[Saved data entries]
▼
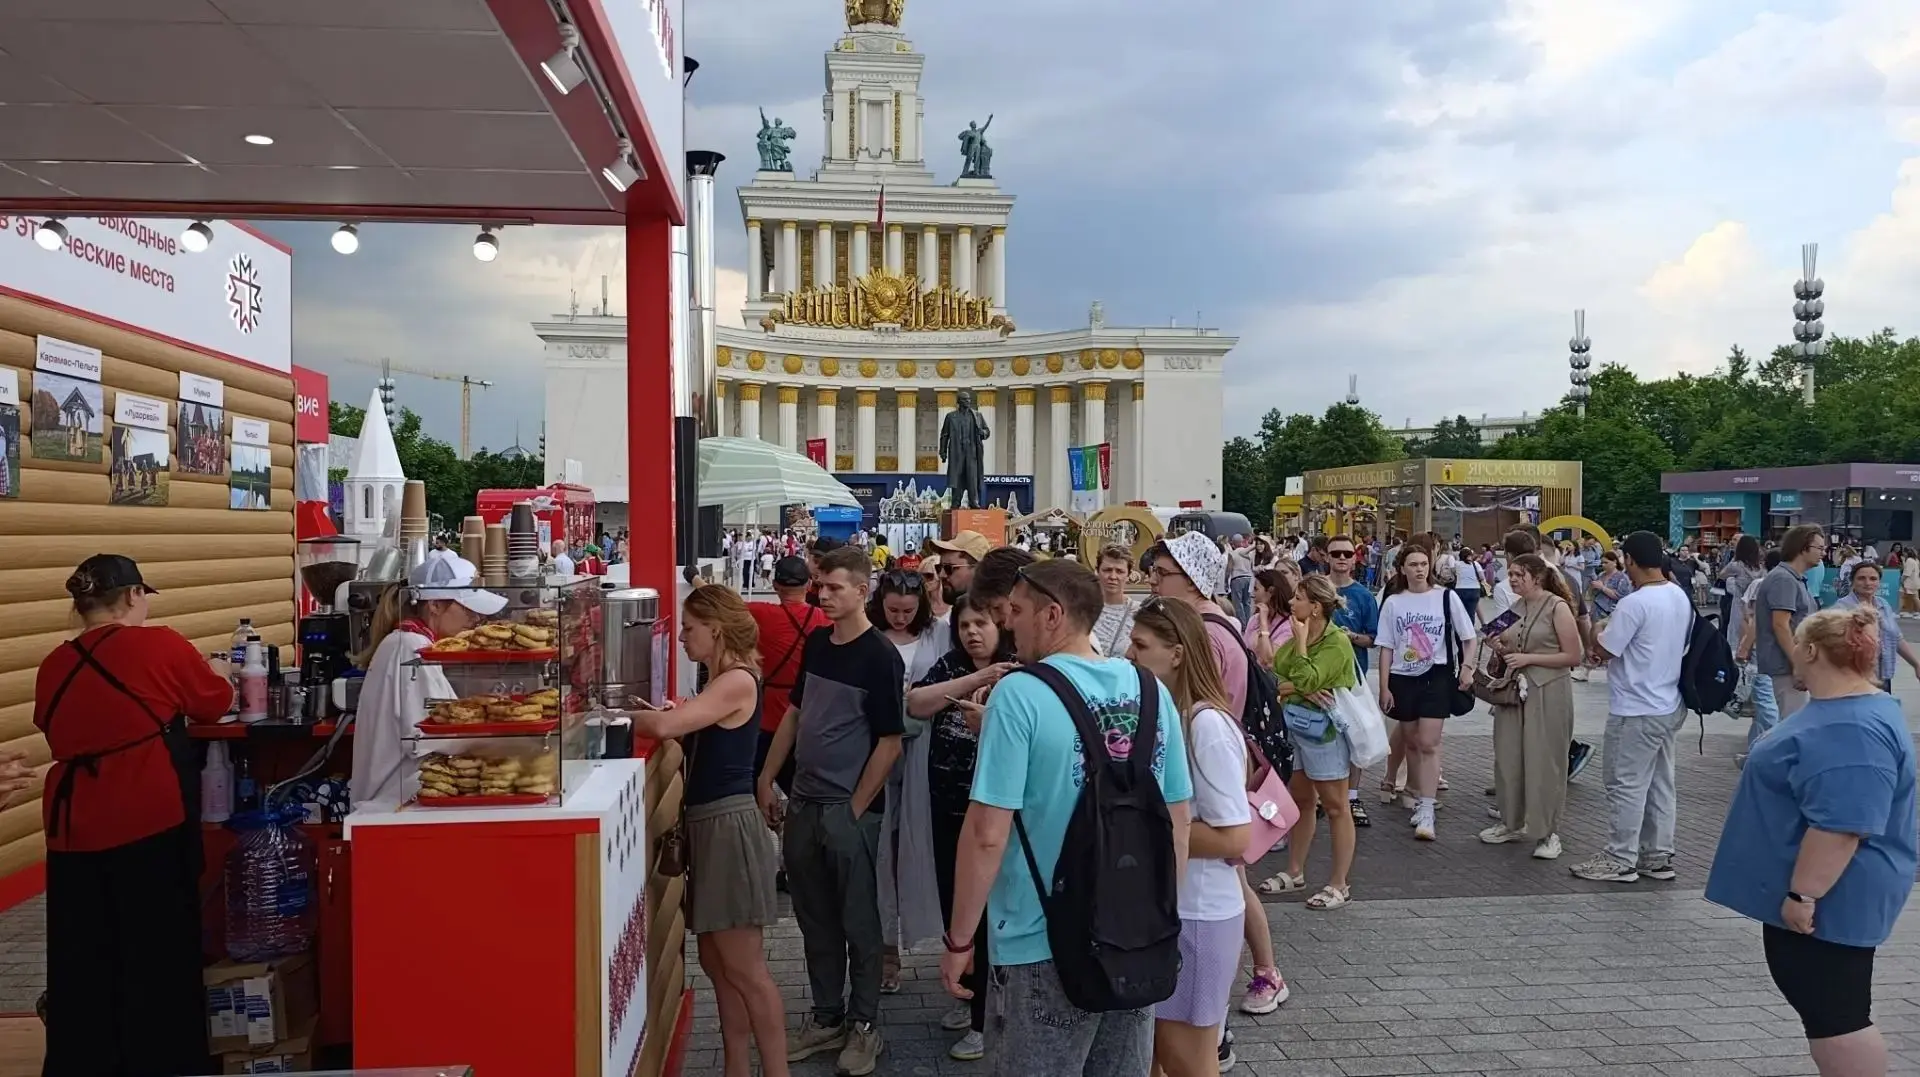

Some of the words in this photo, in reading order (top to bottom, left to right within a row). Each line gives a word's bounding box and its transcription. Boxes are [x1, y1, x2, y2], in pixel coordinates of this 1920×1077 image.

[15, 216, 126, 274] этческие
[130, 259, 175, 293] места
[39, 351, 99, 373] Карамас-Пельга
[1467, 462, 1557, 477] ЯРОСЛАВИЯ
[1420, 621, 1444, 637] Treat
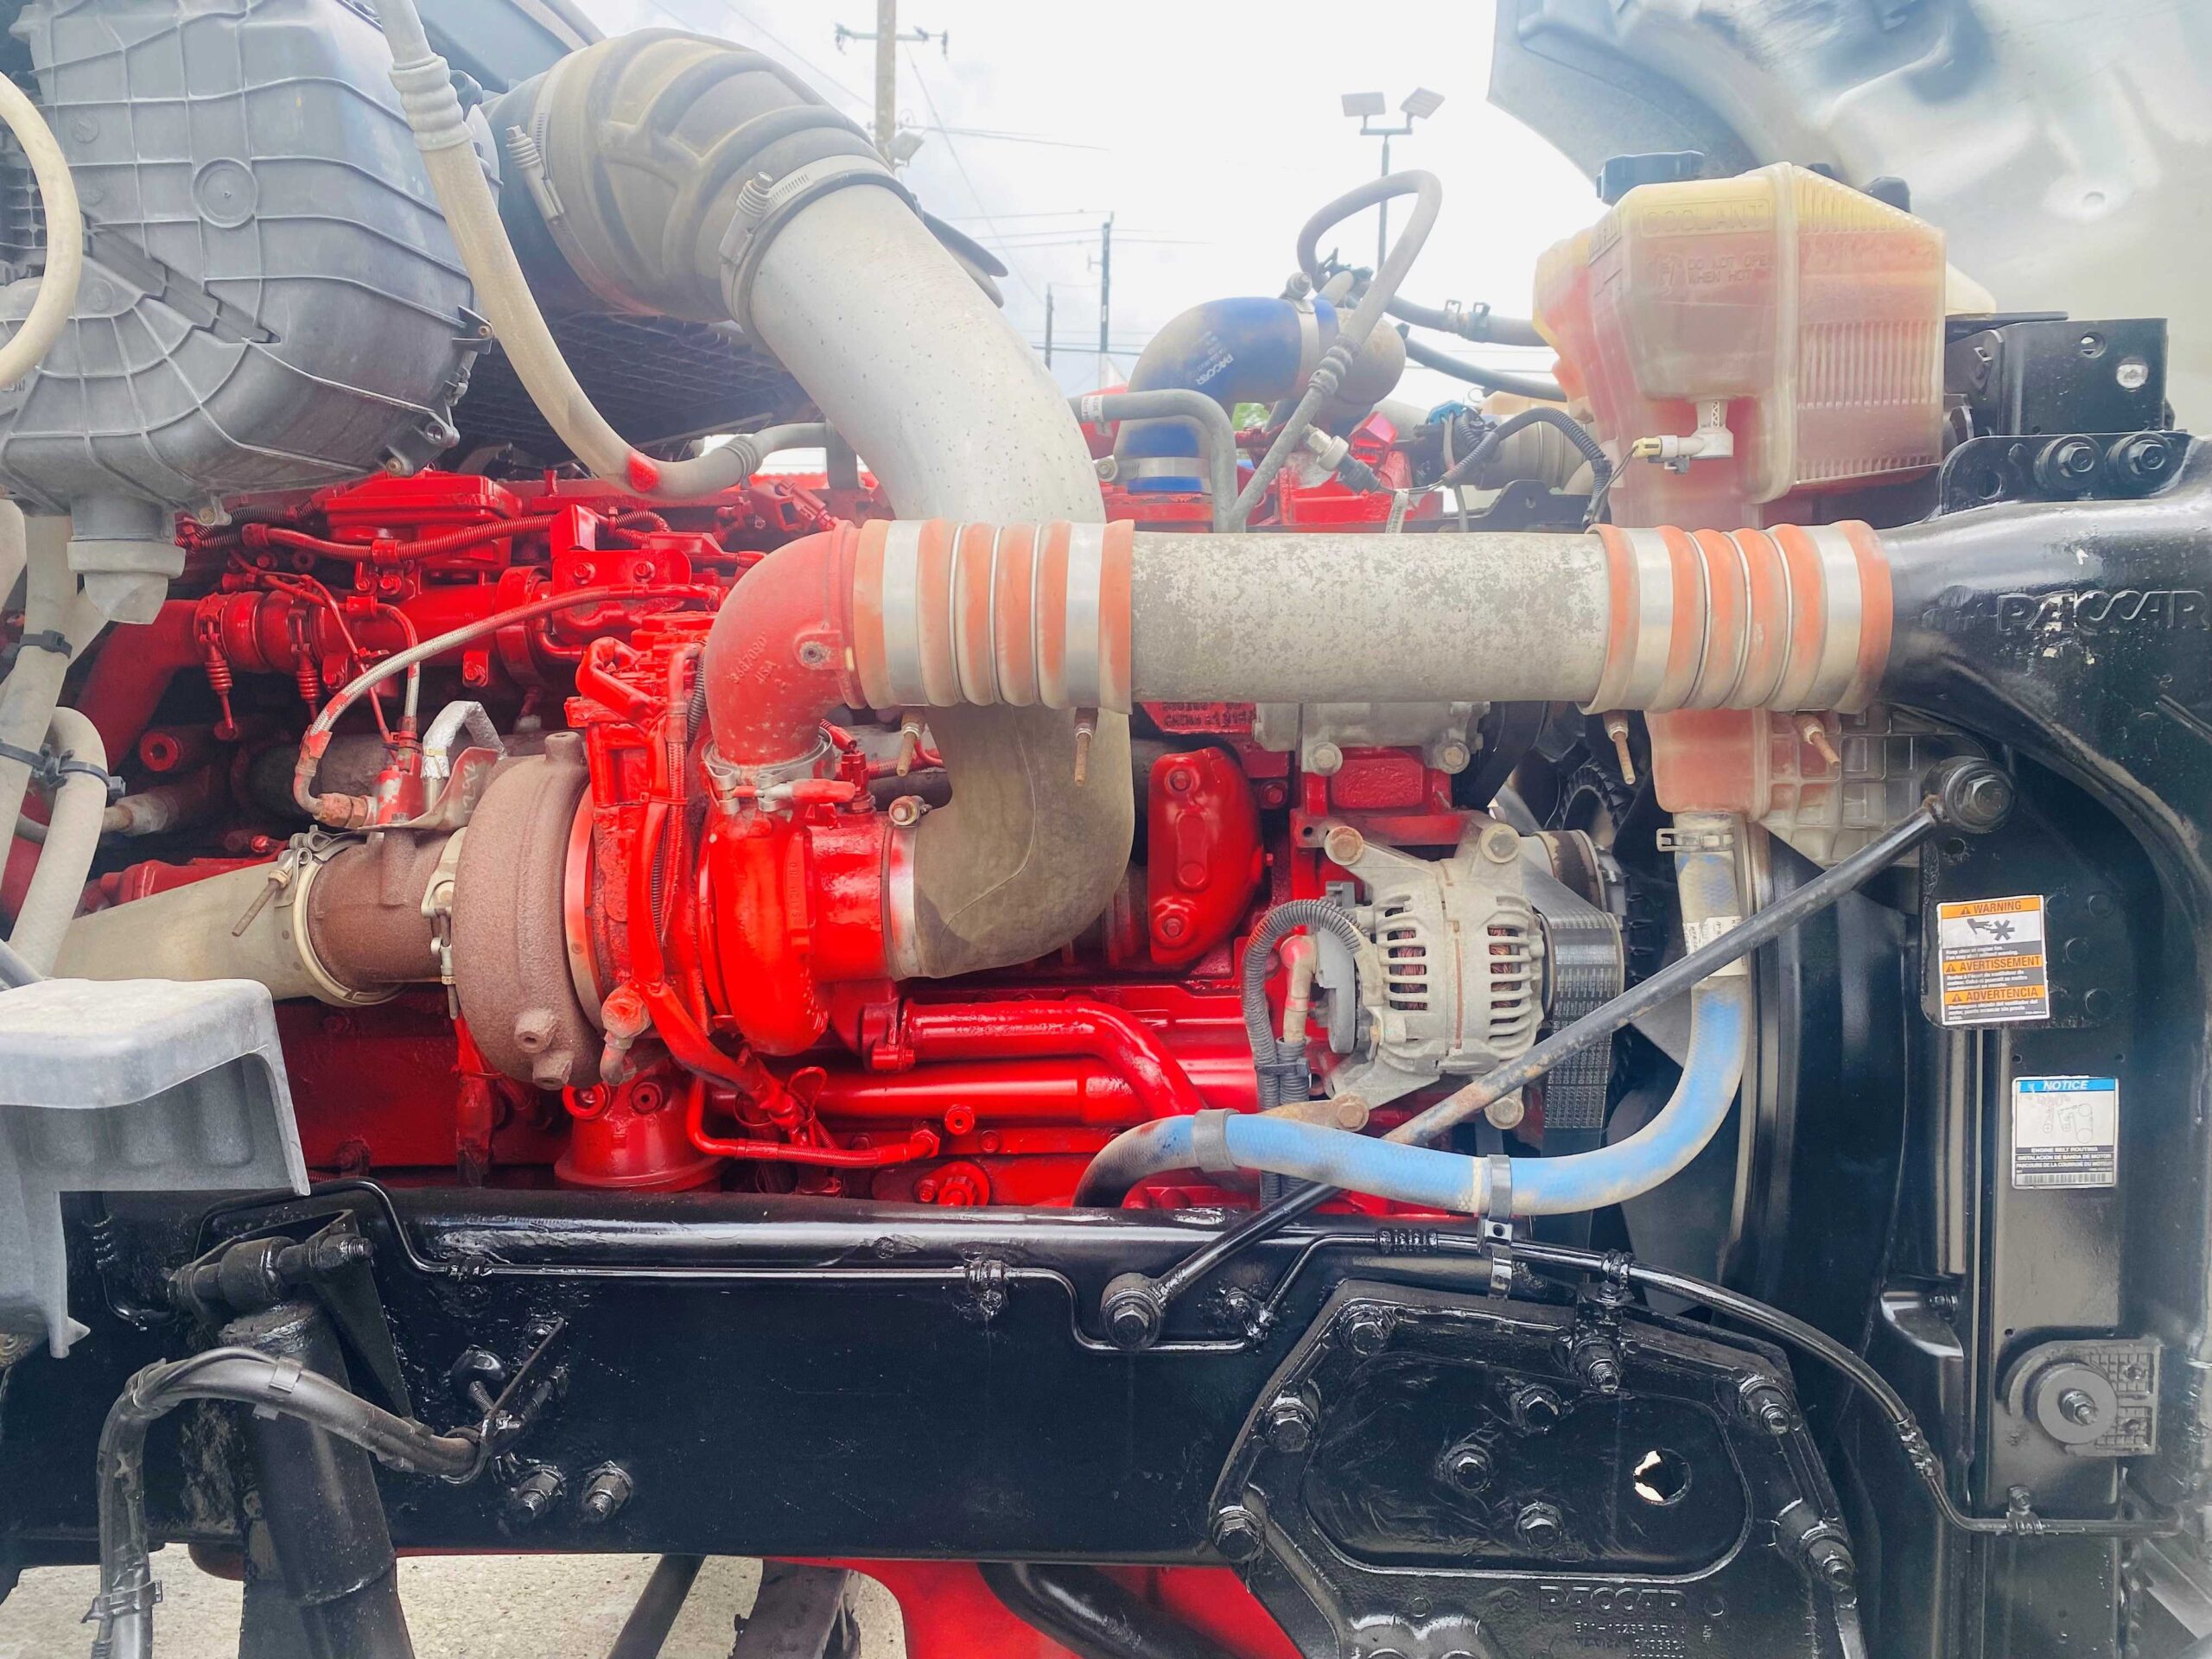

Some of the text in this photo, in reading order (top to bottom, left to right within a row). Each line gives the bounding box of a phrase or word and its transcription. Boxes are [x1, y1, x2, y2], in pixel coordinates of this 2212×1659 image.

[1646, 204, 1764, 232] COOLANT
[1998, 588, 2209, 635] PACCAR
[1974, 900, 2022, 914] WARNING
[1960, 956, 2040, 971] AVERTISSEMENT
[1966, 987, 2038, 1001] ADVERTENCIA
[2043, 1080, 2089, 1090] NOTICE
[1540, 1586, 1687, 1621] PACCAR
▲
The answer must be an exact copy of the records, with no pictures in it.

Some of the words in this photo, in reading order (top to bottom, left to right within a row). Each line gives a word's bounding box and its transcription. Boxes are [x1, y1, x2, y2], in pixel coordinates of this 1920×1077 image.

[15, 216, 126, 274] этческие
[130, 259, 175, 293] места
[39, 351, 99, 373] Карамас-Пельга
[1467, 462, 1557, 477] ЯРОСЛАВИЯ
[1420, 621, 1444, 637] Treat

Some of the text in this photo, in reading order (top to bottom, left to right within a row). Each line gives the bounding box of a phrase or word and its transcription. Boxes are [x1, y1, x2, y2], in pixel coordinates of this 2212×1659 image.

[1646, 204, 1764, 232] COOLANT
[1998, 588, 2209, 635] PACCAR
[1974, 900, 2022, 914] WARNING
[1960, 956, 2040, 971] AVERTISSEMENT
[1966, 987, 2038, 1001] ADVERTENCIA
[2043, 1080, 2089, 1090] NOTICE
[1540, 1586, 1687, 1621] PACCAR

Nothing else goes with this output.